Scatter plot: Shows the relationship between two continuous variables. Dots trending upward = positive correlation, downward = negative, no pattern = no correlation. A line of best fit may be drawn. The r-value (correlation coefficient) measures strength: closer to 1 or -1 = stronger. Important: correlation does NOT equal causation.
Box & whisker plot: Summarises the distribution of data. The line inside the box = median. The box edges = interquartile range (IQR, 25th to 75th percentile). The whiskers extend to the range. Dots beyond the whiskers = outliers. Useful for comparing distributions between groups — if the boxes don't overlap, there's likely a significant difference.

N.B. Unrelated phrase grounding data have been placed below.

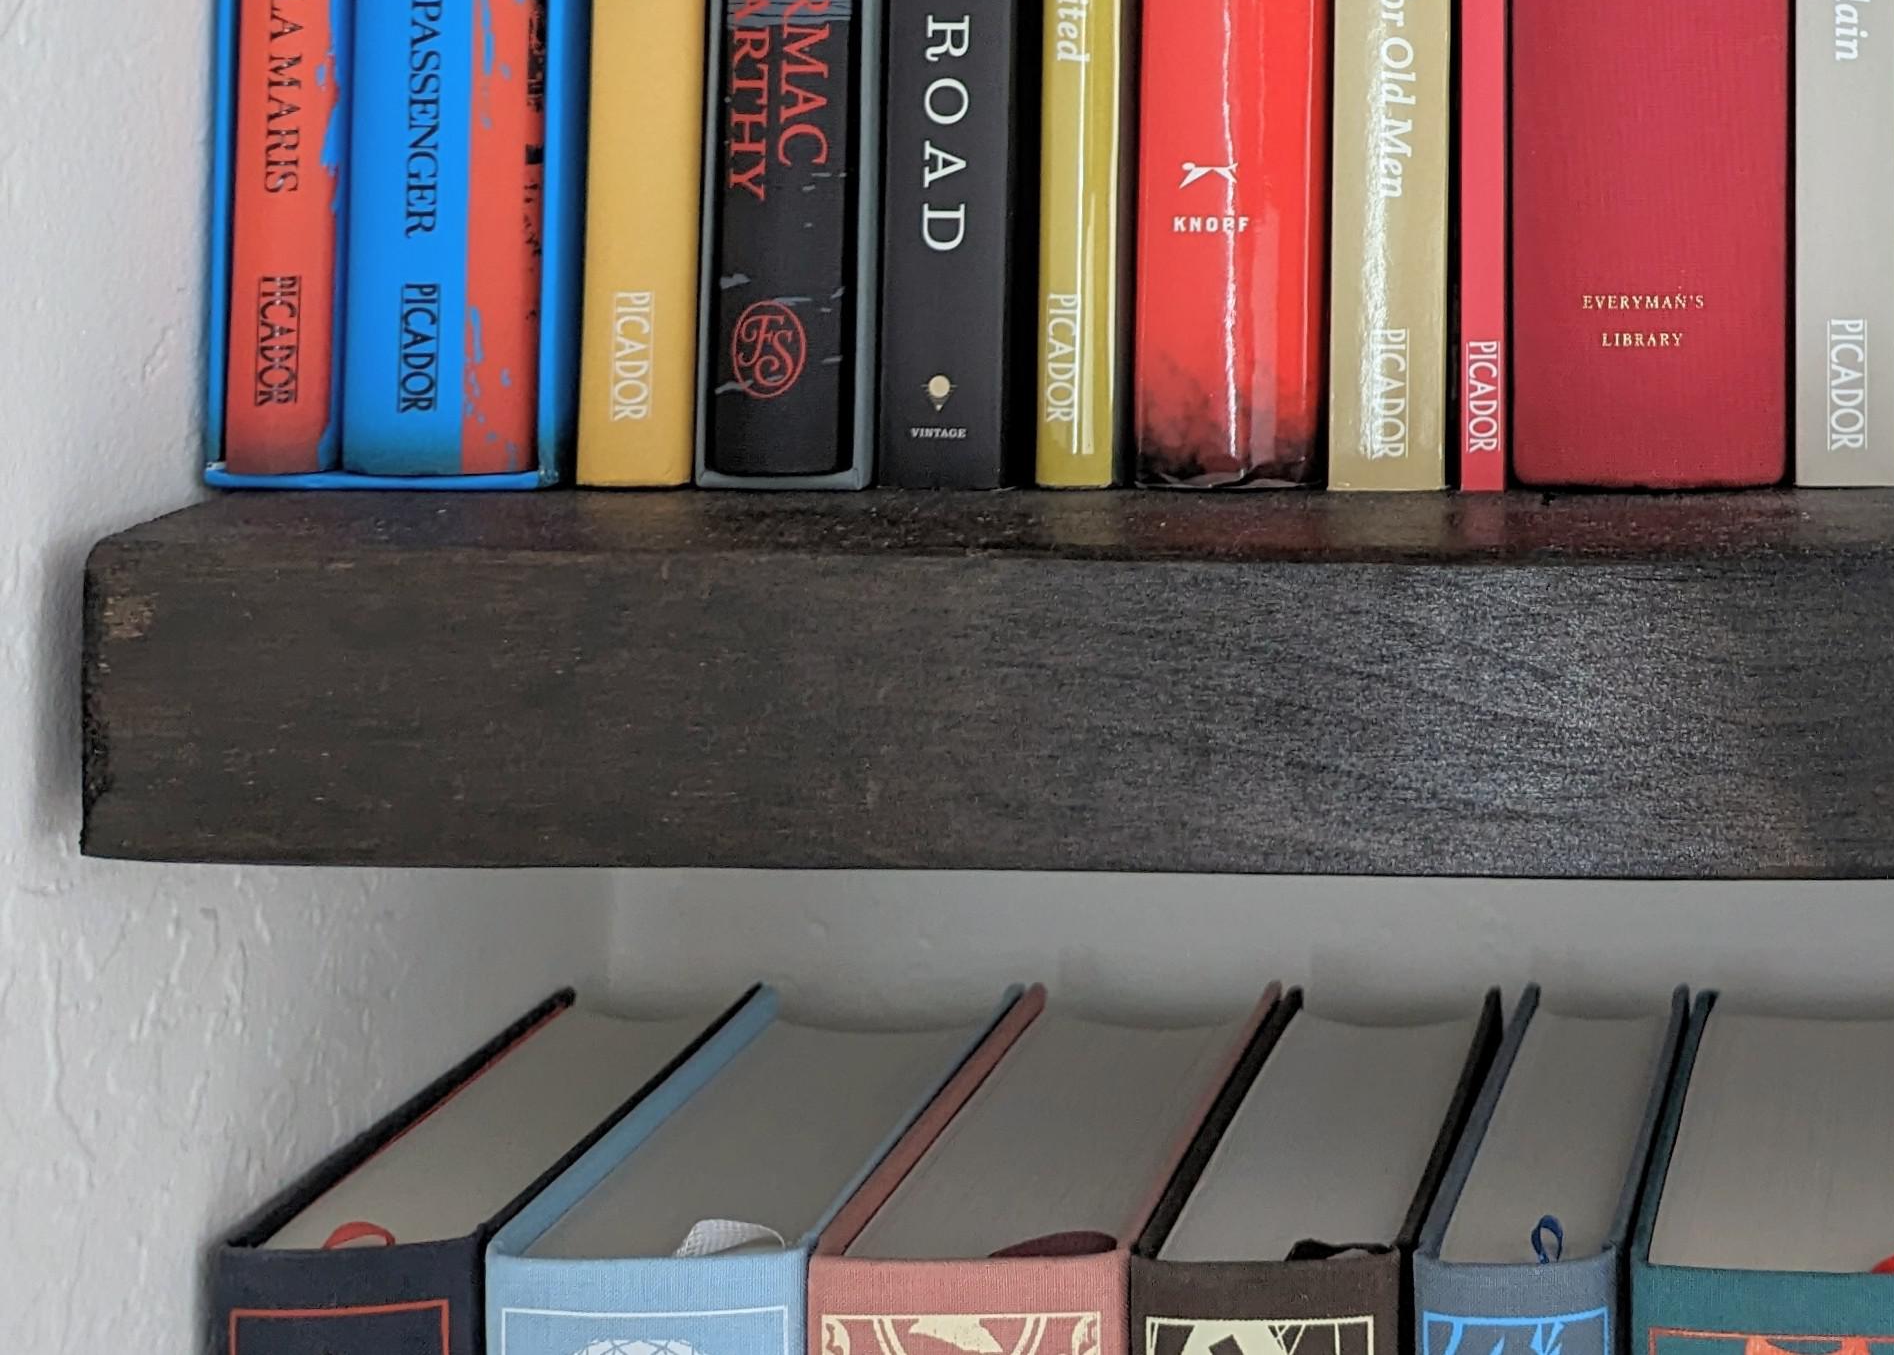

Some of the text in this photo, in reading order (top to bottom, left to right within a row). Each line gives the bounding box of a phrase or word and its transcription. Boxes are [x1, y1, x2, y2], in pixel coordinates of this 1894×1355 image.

[264, 54, 304, 194] MARIS
[922, 15, 971, 251] ROAD
[1379, 37, 1417, 102] Old
[1378, 117, 1414, 198] Men
[1173, 217, 1249, 232] KNOPF
[258, 275, 302, 406] PICADOR
[399, 282, 440, 413] PICADOR
[611, 291, 654, 422] PICADOR
[1046, 293, 1078, 423] PICADOR
[1372, 328, 1409, 460] PICADOR
[1466, 341, 1501, 452] PICADOR
[1602, 333, 1684, 347] LIBRARY
[1827, 318, 1867, 451] PICADOR
[911, 428, 967, 439] VINTAGE
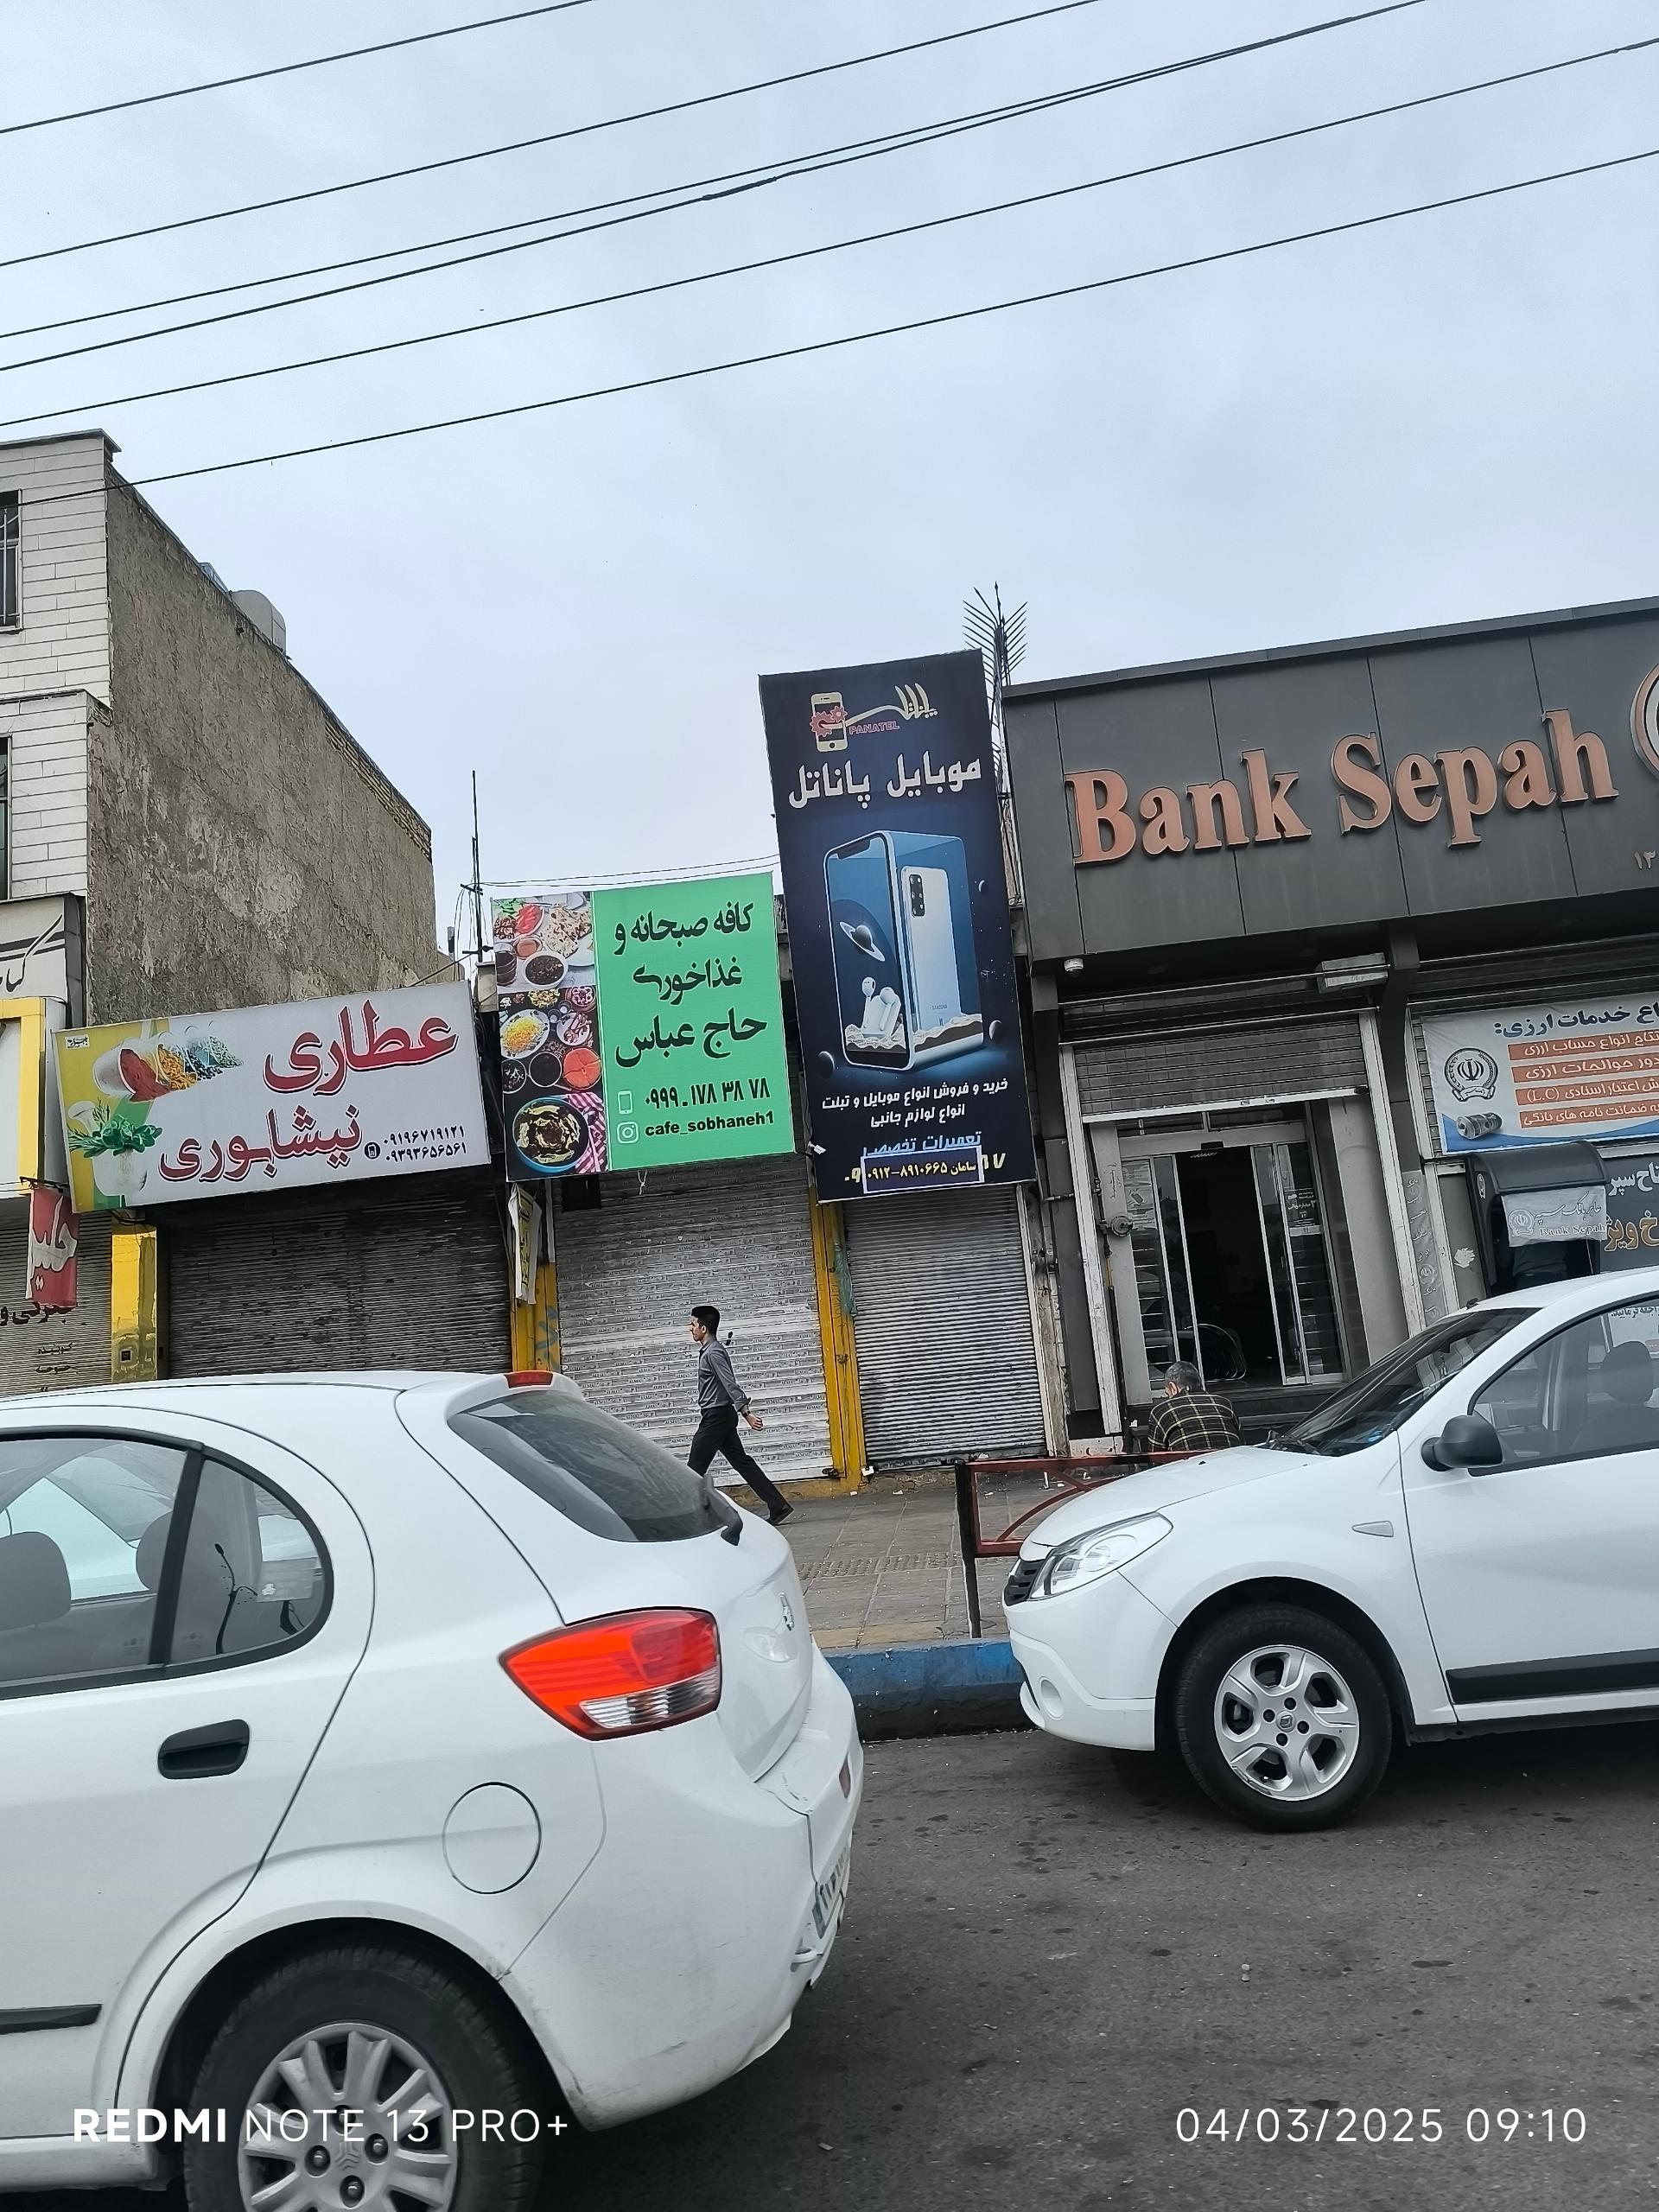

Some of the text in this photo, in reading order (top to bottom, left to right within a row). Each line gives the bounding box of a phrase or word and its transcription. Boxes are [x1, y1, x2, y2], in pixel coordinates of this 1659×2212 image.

[849, 721, 900, 734] PANATEL
[789, 751, 982, 809] موبایل پاناتل
[1064, 709, 1619, 865] Bank Sepah
[613, 901, 754, 956] کافه صبحانه و
[632, 956, 742, 1005] غذاخوری
[1557, 1005, 1631, 1028] خدمات
[615, 1007, 767, 1068] حاج عباس
[1552, 1039, 1596, 1054] حساب
[1599, 1033, 1630, 1050] انواع
[263, 999, 460, 1096] عطاری
[1523, 1041, 1549, 1057] ارزی
[1525, 1064, 1558, 1079] ارزی
[822, 1077, 1009, 1109] خرید و فروش انواع موبایل و تبلت
[1526, 1087, 1560, 1102] (L.C)
[1565, 1084, 1606, 1100] اسنادی
[1609, 1080, 1640, 1096] اعتبار
[870, 1103, 966, 1128] انواع لوازم جانبی
[1556, 1109, 1577, 1122] های
[1580, 1107, 1603, 1119] نامه
[1605, 1103, 1647, 1117] ضمانت
[645, 1110, 775, 1136] cafe_sobhaneh1
[1522, 1115, 1554, 1127] بانکی
[158, 1103, 364, 1182] نیشابوری
[383, 1125, 465, 1146] ۰۹۱۹۶۷۱۹۱۲۱
[385, 1141, 467, 1163] ۰۹۳۹۳۶۵۶۵۶۱
[1538, 1223, 1606, 1237] Bank Sepah

ROC curve: See Section 3 (Diagnostic Formulae) above for full detail including AUC values and illustration.
Audit: Measures current practice against an existing STANDARD. Uses the PDSA (Plan-Do-Study-Act) cycle. Must re-audit to close the loop. Does NOT need ethics approval.
Research: Generates NEW knowledge. Tests a hypothesis. NEEDS ethics approval.
QI methodologies:
- EBCD (Experience-Based Co-Design): Uses patient and staff experiences to drive improvement
- Driver diagrams: Primary aim → primary drivers → secondary drivers → change ideas
- 5 Whys / 3 Whys: Root cause analysis — keep asking "why?" until you reach the underlying cause
- Ishikawa (fishbone) diagram: Categorises causes into groups (people, process, equipment, environment, etc.)
- Pareto analysis (80/20 rule): 80% of problems come from 20% of causes. Fix the top causes first for maximum impact.
- Process mapping: Visualising the patient journey to identify bottlenecks and waste
- Run charts / SPC charts: Tracking improvement over time. Distinguishes special cause variation (something changed) from common cause variation (normal fluctuation).
- Gantt chart: Project timeline showing tasks, duration, and dependencies
You do NOT need 100% of data for PDSA — just enough, collected sequentially, to test your change idea.
These are free marks
Most candidates panic when they see a stats question and guess. If you learn the formulae, recognise the graph types, and understand the basic concepts, you'll pick up 5–10 marks that others throw away. That's the difference between passing and failing.
Recommended Reading
"Critical Appraisal for FCEM" — Bootland, Coughlan, Galloway & Goubet (CRC Press). Covers everything you need for SLO 10/11 in plain language.